• Records:
»»
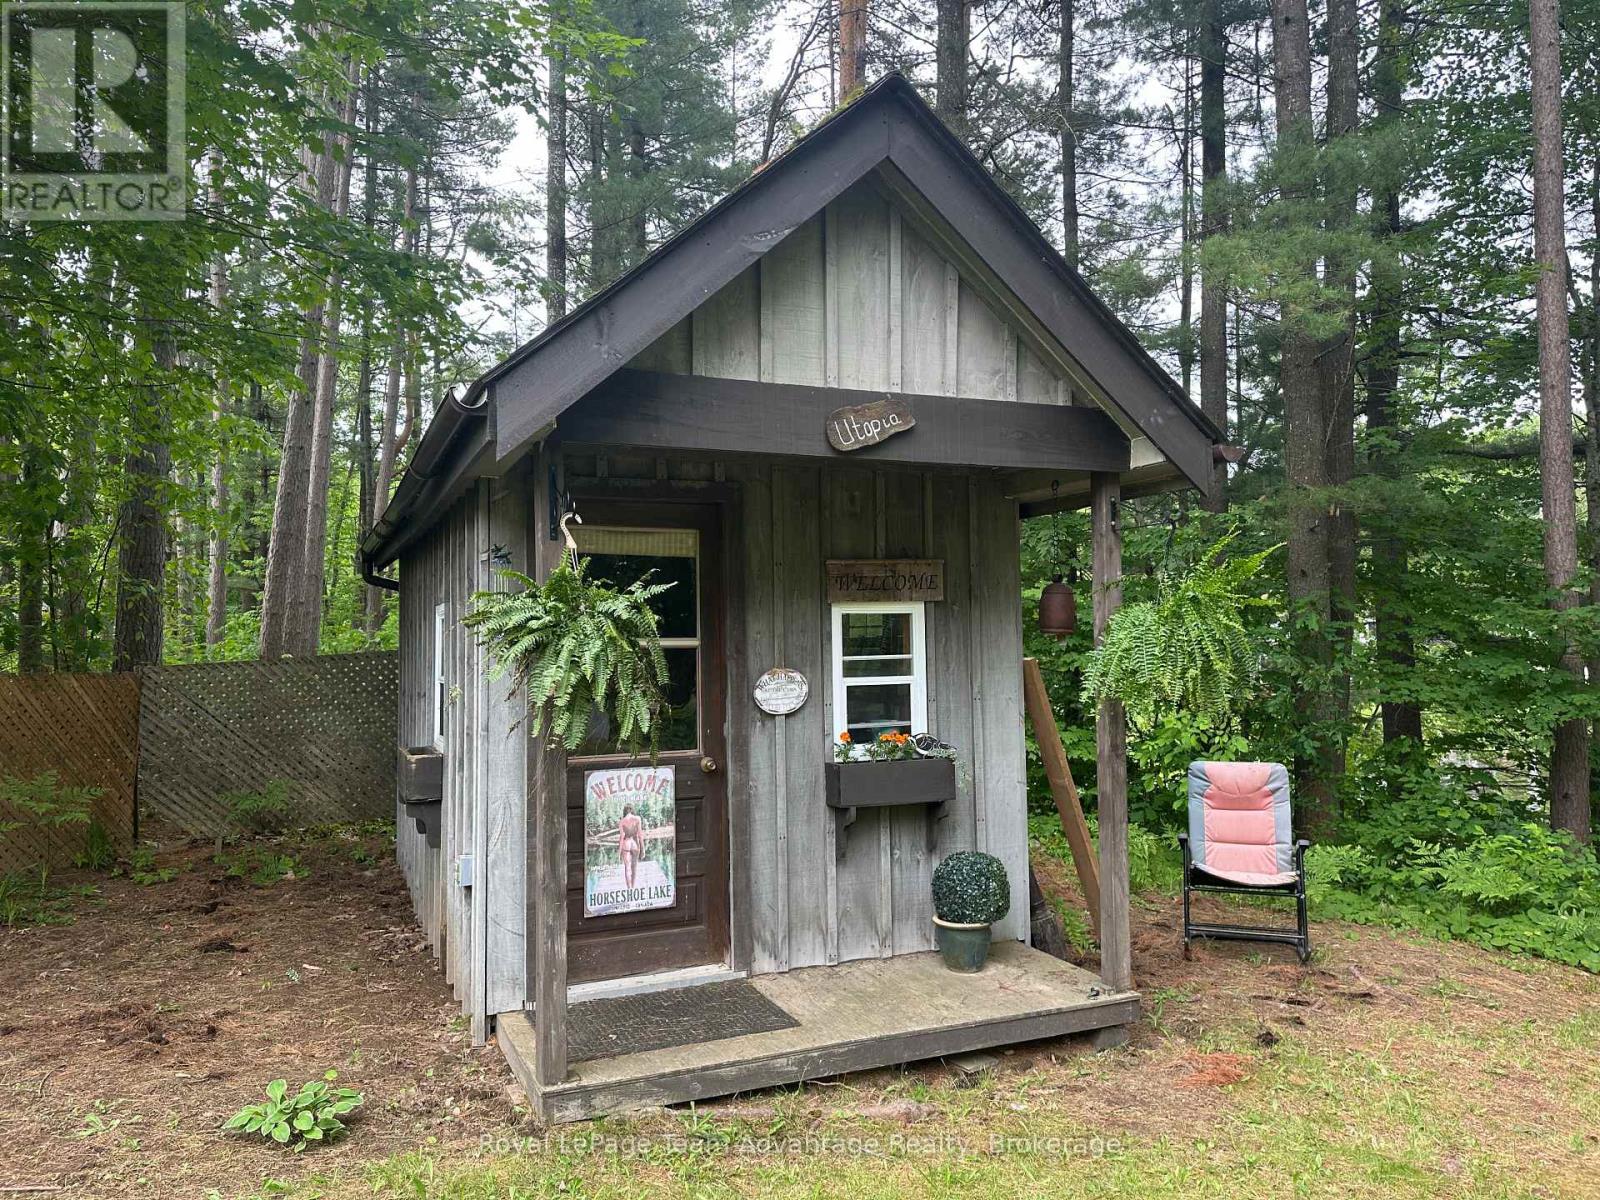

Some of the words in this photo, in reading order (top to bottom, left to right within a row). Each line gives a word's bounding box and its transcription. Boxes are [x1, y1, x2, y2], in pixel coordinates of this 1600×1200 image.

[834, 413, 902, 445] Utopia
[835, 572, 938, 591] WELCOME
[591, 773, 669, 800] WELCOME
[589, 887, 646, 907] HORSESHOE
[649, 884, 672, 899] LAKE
««
• The task: The result should be every entry, word for word, and no pictures.

• Result of this task:
Some of the words in this photo, in reading order (top to bottom, left to right within a row). Each line gives a word's bounding box and its transcription. Boxes are [x1, y1, x2, y2], in pixel coordinates of this 1600×1200 image.

[834, 413, 902, 445] Utopia
[835, 572, 938, 591] WELCOME
[591, 773, 669, 800] WELCOME
[589, 887, 646, 907] HORSESHOE
[649, 884, 672, 899] LAKE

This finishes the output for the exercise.